The market keeps acting like its full-time job is to manufacture reasons to fade Nvidia, then looks shocked when the earnings show up like a debt collector.  First it was “Google will eat their lunch,” then “Copilot disappointment means the AI capex party is over,” as if the Street is desperately trying to talk the stock back into 2022 prices so it doesn’t have to admit it whiffed on the entire AI regime change.

Do you really believe AI is a bubble or do you want us to believe its a bubble while you make out like “The Short Side Bandits”.

The pattern is almost comical at this point:

First “Google TPUs will make Nvidia obsolete.” Reality: Google is ramping TPUs, sure, but it still buys Nvidia GPUs and no one has a credible forecast where Nvidia loses its leadership this decade.

And then “A Copilot miss means hyperscalers will slash GPU spending.” The reality is Microsoft, Amazon, Google, and Meta are all guiding AI and data center capex into the hundreds of billions over the next few years; they talk “discipline” on TV and then quietly pour concrete and install more racks.

Meanwhile, Nvidia just printed a quarter with roughly $57 billion in revenue, $51 billion of that from data centers alone, up more than 60% year over year, and guided higher again.  That is not story-stock behavior; that is “this is the toll road” behavior.

This is what I call Dot-com PTSD and here is why the Street is gun-shy, a lot of today’s senior money managers and strategists either lived through, or were trained by people who lived through, the dot-com bubble—and they got cooked.  Back then, internet stocks went vertical, the NASDAQ’s P/E blasted past 90, IPOs from profitless companies flooded the market, and something like 70–80% of new listings had negative earnings.
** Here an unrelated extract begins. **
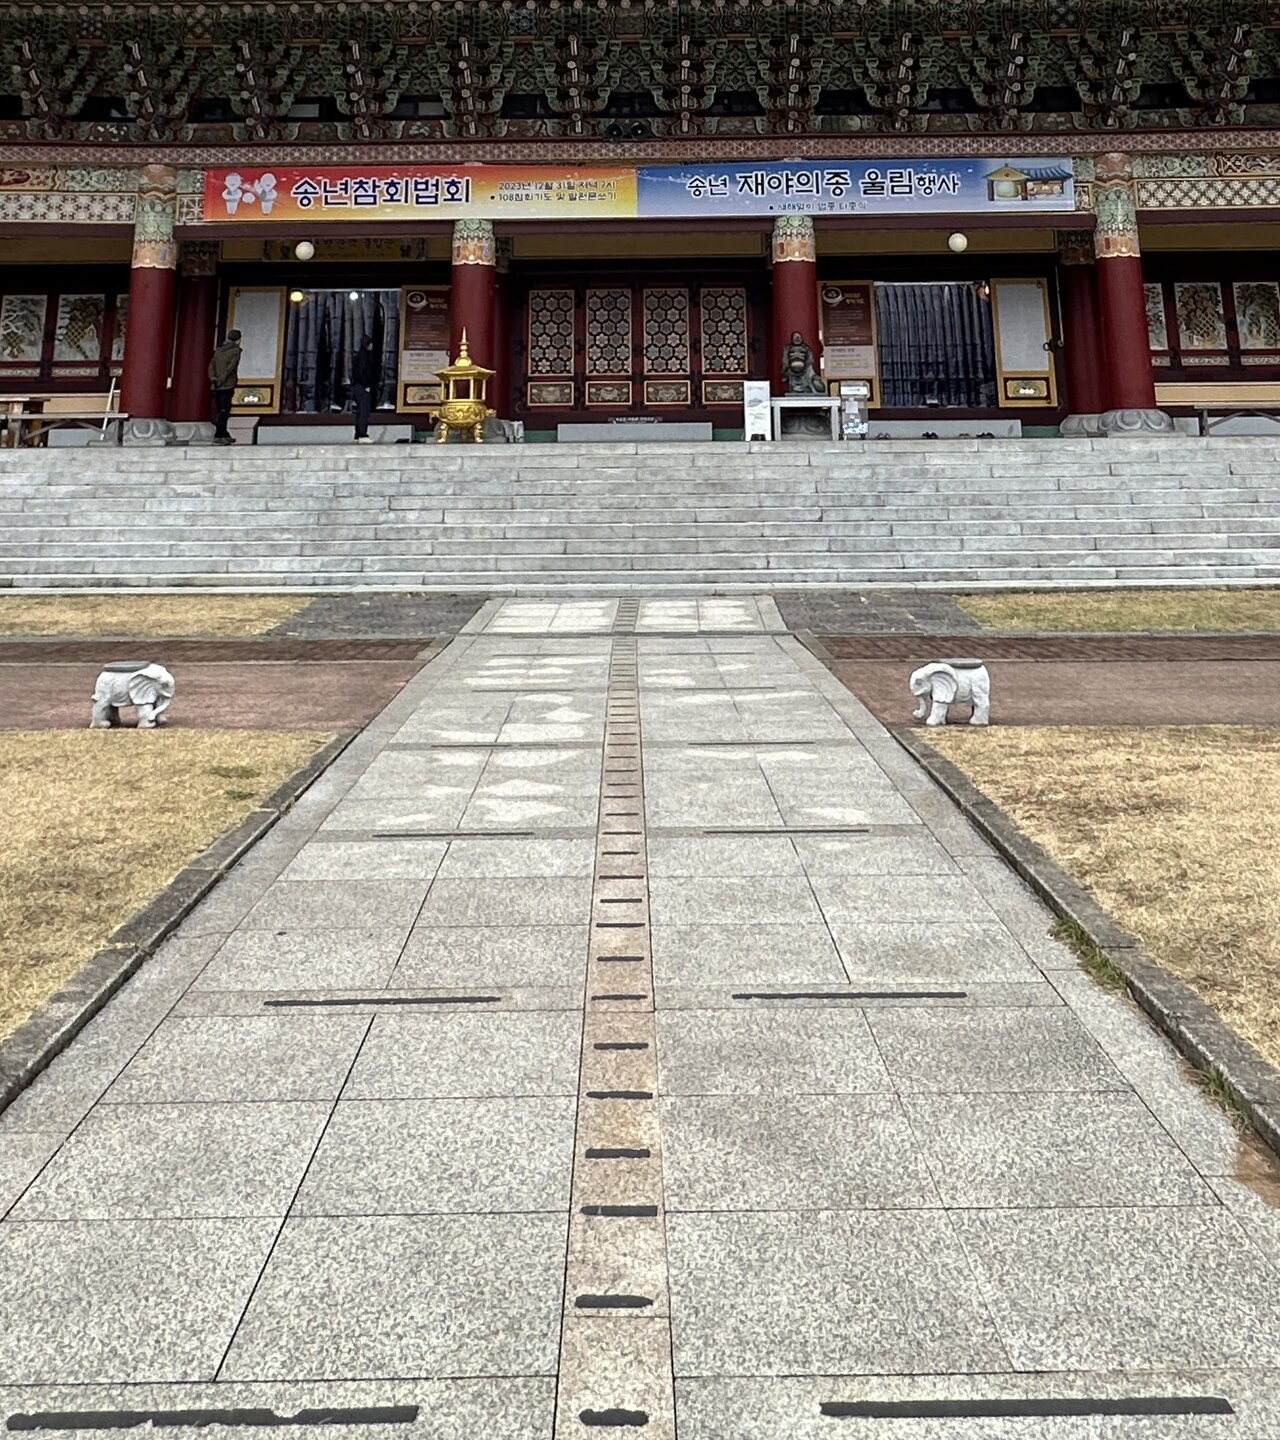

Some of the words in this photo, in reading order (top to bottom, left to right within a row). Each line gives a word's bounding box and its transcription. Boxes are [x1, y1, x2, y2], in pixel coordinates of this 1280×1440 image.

And Wall Street was absolutely complicit. Underwriting desks shoveled hundreds of internet IPOs out the door from 1996–2000, analysts slapped Buy ratings and sky-high price targets on businesses with no cash flow, and everyone collected fees until the music stopped and trillions in paper wealth evaporated.  So now, AI shows up with real revenue, real margins, and real infrastructure spend—and instead of learning the right lesson (“don’t overpay for zero earnings”), they generalize the wrong one (“all tech booms are scams”).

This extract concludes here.